老人党リアルグループ「護憲+」ブログ

現憲法の基本理念(国民主権、平和、人権)の視点で「世直し」を志す「護憲+」メンバーのメッセージ

農業問題を通して世界の潮流を考える(1)今年は国連「家族農業の10年」の6年目

2024-06-16 21:03:46 | 社会問題
世界農業の流れの特徴は、世界の種子メジャーや肥料メジャーが国際金融機関・慈善家と協働し、各国政府を差配し支配する構造が明らかに見えてしまう所にあると考えている。

この構造に異議を唱えているのが、La Via CampesinaやAFSA(the Alliance for Food Sovereignty in Africa)等が掲げるアグロエコロジーの理念が世界の農業と食糧安保と自治権に必要なものであり、その担い手である小規模農家を支援する体制の確立が重要だという指摘である。

こういった対立構造は勿論農業だけではない。原発含めてエネルギーの分野でも、国際金融の世界でも、G7でもCOPでも国連そのものの構造にも深く影を落としていると思う。

このせめぎ合いの両者の考え方は、一方はMultilaterarism(各国市民が選挙権を行使し選んだ各国の政府が参集し、世界に関わる課題の解決策を追求する方式)が機能してきた世界の考え方であり、もう一方はMultistakeholderism(世界に関わる難題がMultilaterarismでは解決困難と称して多国籍企業の参入を認め、打開策を腕力で図ろうとの方式)が差配し支配する世界の考え方であろう。
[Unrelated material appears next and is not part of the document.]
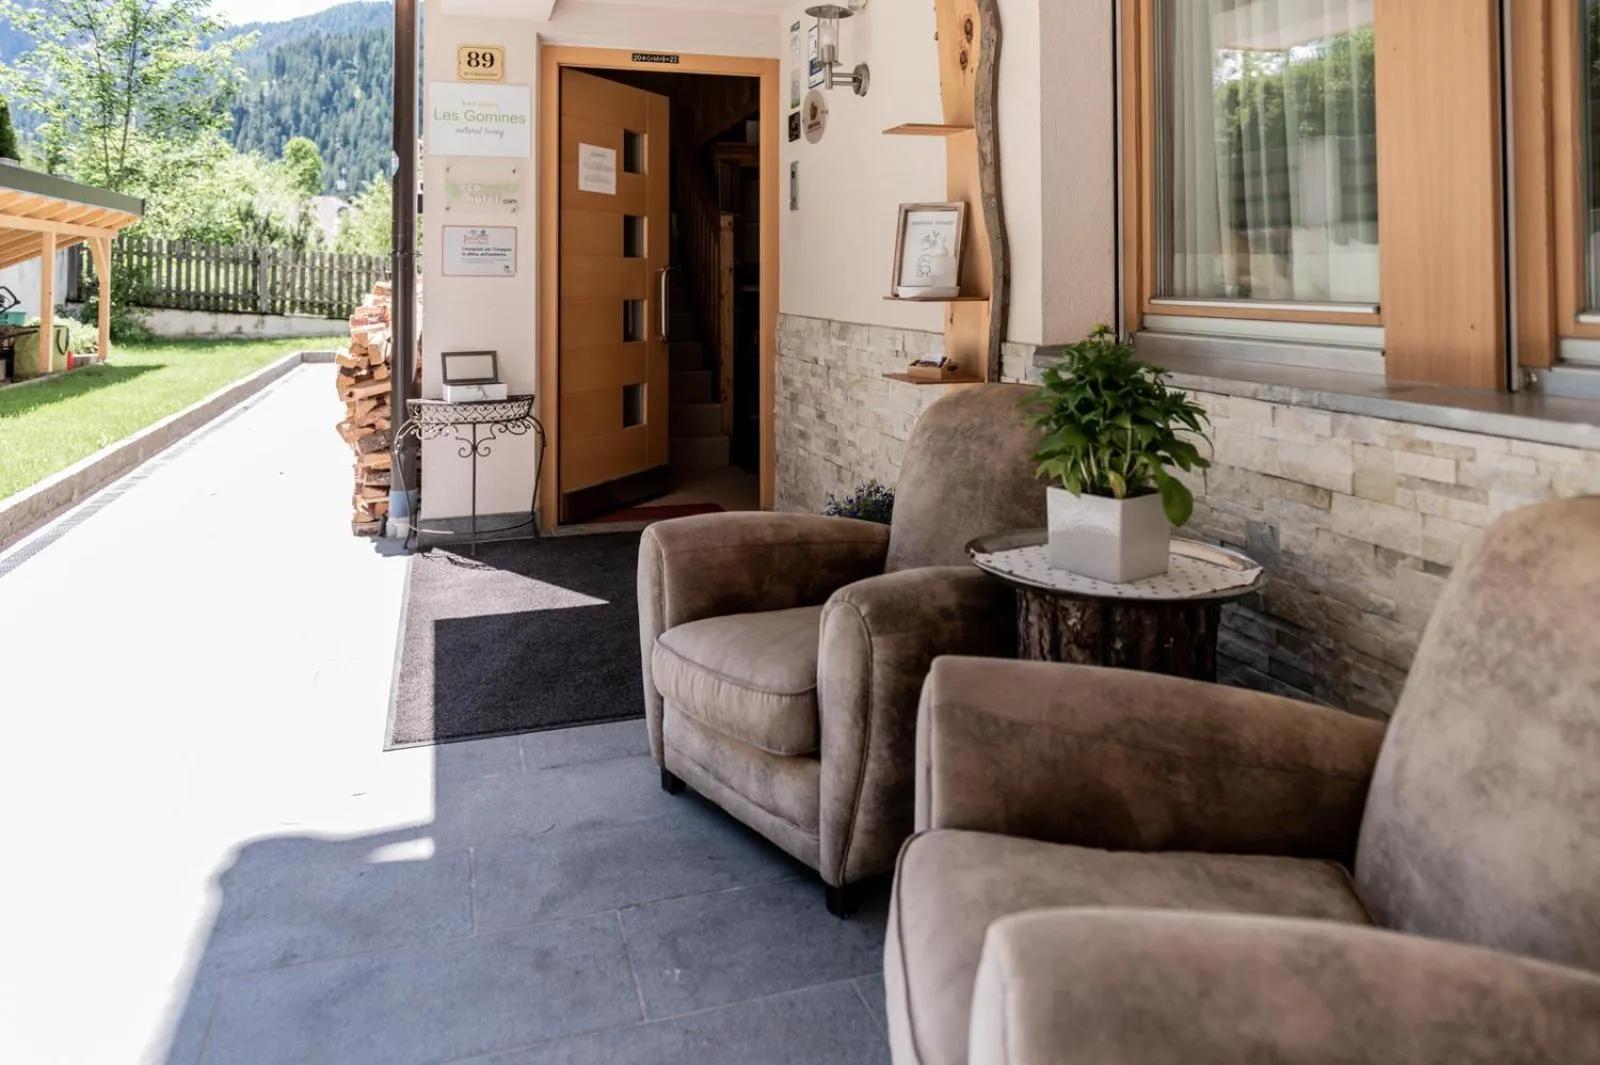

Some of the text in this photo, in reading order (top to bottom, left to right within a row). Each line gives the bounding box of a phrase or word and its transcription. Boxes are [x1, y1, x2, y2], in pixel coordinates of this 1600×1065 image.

[467, 51, 495, 69] 89
[434, 107, 526, 125] Les Gomines
multilaterarismには、市民が選挙権を通じて世界の課題解決に介在しているという構造が曲がりなりにもあるのに対し、multistakeholderismでは多国籍企業体の力が前面に出て、市民力の介入力が大幅に低下している構造になっている所が問題と思っている。

いわゆる「世界市民の家」を想定した際、多国籍企業体に「庇を貸して母屋を取られた」の表現がピッタリな状況が今の世界を覆っており、農業含めていろいろな分野で市民が閉塞感を感じる大きな要因となっていると感じている。
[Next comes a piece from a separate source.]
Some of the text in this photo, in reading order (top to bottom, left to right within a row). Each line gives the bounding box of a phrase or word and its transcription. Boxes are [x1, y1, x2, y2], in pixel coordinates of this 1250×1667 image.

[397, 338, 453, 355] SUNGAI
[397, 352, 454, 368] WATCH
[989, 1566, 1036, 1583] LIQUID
話を広げ過ぎることは避けたいので、敢えて農業の問題のみに話題を絞って現在の閉塞感の原因の問題を考える際に必要な情報を提供していきたいと思っております。

概ね話題の中心は、世界の種子や肥料の多国籍メジャーらが国際金融機関・慈善家らと協働し、各国政府を差配し支配する構造の紹介と、この世界構造に異議を唱えるLa Via CampesinaやAFSA等が掲げるアグロエコロジーの推進を中心とする自給自足的考えも含んだ食糧自治権の確立と小規模農家の存在意義を訴える活動の紹介になると思います。

では第一回目として、国連の主導する「家族農業の10年」運動の紹介から始めます。

1つ目の情報は「家族農林漁業プラットフォーム・ジャパン」の「家族農業の10年とは」です。

2017年12月20日、今後の世界の農業の方向性を左右する出来事があり、即ち国連本会議で2019年~2028年を「家族農業の10年」とする議案が全会一致で成立したことです。

コスタリカが代表となり、日本を含む104カ国が共同提案国となっていたこの運動は、2014年の国際家族農業年を10年間延長し、家族農業を国連加盟国の農業政策の中心に位置付けることを求める国連の啓発活動というものです。

「労働力の過半を家族労働でまかなう農業漁業」と定義される家族農業は、FAOの調べで世界の農業経営組織の90%を占め、食糧生産規模的には80%を担っている。耕地規模を見ると、1ha未満が73%、2ha未満で括ると85%を占めている。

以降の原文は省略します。